(SUPPLIED RECORDS begins)

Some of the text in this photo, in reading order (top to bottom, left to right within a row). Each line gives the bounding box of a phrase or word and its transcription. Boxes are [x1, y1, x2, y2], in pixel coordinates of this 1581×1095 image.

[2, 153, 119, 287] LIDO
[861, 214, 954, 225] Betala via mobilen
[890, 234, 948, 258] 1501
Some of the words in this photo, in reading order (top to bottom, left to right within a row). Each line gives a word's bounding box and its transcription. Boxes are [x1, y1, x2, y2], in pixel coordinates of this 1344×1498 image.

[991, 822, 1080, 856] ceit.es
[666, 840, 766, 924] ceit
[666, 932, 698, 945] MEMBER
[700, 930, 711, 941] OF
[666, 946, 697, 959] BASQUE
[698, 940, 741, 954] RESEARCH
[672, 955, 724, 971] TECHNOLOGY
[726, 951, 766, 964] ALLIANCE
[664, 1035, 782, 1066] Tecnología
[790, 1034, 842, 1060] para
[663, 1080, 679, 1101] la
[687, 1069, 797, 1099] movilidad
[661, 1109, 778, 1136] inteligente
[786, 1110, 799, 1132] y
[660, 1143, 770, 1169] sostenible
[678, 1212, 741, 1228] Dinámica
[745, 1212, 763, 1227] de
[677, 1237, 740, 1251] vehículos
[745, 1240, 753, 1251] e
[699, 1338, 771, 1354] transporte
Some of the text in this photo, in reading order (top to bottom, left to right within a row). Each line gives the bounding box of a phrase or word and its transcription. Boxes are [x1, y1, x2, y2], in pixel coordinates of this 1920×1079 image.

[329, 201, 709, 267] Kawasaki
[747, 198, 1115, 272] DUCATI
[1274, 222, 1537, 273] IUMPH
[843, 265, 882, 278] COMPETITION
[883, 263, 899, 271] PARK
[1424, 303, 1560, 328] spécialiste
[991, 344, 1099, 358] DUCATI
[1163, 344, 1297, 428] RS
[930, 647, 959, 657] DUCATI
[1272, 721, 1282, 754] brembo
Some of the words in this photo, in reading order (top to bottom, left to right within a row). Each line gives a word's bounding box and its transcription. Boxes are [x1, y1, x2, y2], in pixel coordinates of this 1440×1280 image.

(SUPPLIED RECORDS ends)

REQUIREMENT
Return the full listing. Keep each line exactly as it stands.

ANSWER TO THIS EXERCISE
Some of the text in this photo, in reading order (top to bottom, left to right within a row). Each line gives the bounding box of a phrase or word and its transcription. Boxes are [x1, y1, x2, y2], in pixel coordinates of this 1581×1095 image.

[2, 153, 119, 287] LIDO
[861, 214, 954, 225] Betala via mobilen
[890, 234, 948, 258] 1501
Some of the words in this photo, in reading order (top to bottom, left to right within a row). Each line gives a word's bounding box and its transcription. Boxes are [x1, y1, x2, y2], in pixel coordinates of this 1344×1498 image.

[991, 822, 1080, 856] ceit.es
[666, 840, 766, 924] ceit
[666, 932, 698, 945] MEMBER
[700, 930, 711, 941] OF
[666, 946, 697, 959] BASQUE
[698, 940, 741, 954] RESEARCH
[672, 955, 724, 971] TECHNOLOGY
[726, 951, 766, 964] ALLIANCE
[664, 1035, 782, 1066] Tecnología
[790, 1034, 842, 1060] para
[663, 1080, 679, 1101] la
[687, 1069, 797, 1099] movilidad
[661, 1109, 778, 1136] inteligente
[786, 1110, 799, 1132] y
[660, 1143, 770, 1169] sostenible
[678, 1212, 741, 1228] Dinámica
[745, 1212, 763, 1227] de
[677, 1237, 740, 1251] vehículos
[745, 1240, 753, 1251] e
[699, 1338, 771, 1354] transporte
Some of the text in this photo, in reading order (top to bottom, left to right within a row). Each line gives the bounding box of a phrase or word and its transcription. Boxes are [x1, y1, x2, y2], in pixel coordinates of this 1920×1079 image.

[329, 201, 709, 267] Kawasaki
[747, 198, 1115, 272] DUCATI
[1274, 222, 1537, 273] IUMPH
[843, 265, 882, 278] COMPETITION
[883, 263, 899, 271] PARK
[1424, 303, 1560, 328] spécialiste
[991, 344, 1099, 358] DUCATI
[1163, 344, 1297, 428] RS
[930, 647, 959, 657] DUCATI
[1272, 721, 1282, 754] brembo
Some of the words in this photo, in reading order (top to bottom, left to right within a row). Each line gives a word's bounding box and its transcription. Boxes are [x1, y1, x2, y2], in pixel coordinates of this 1440×1280 image.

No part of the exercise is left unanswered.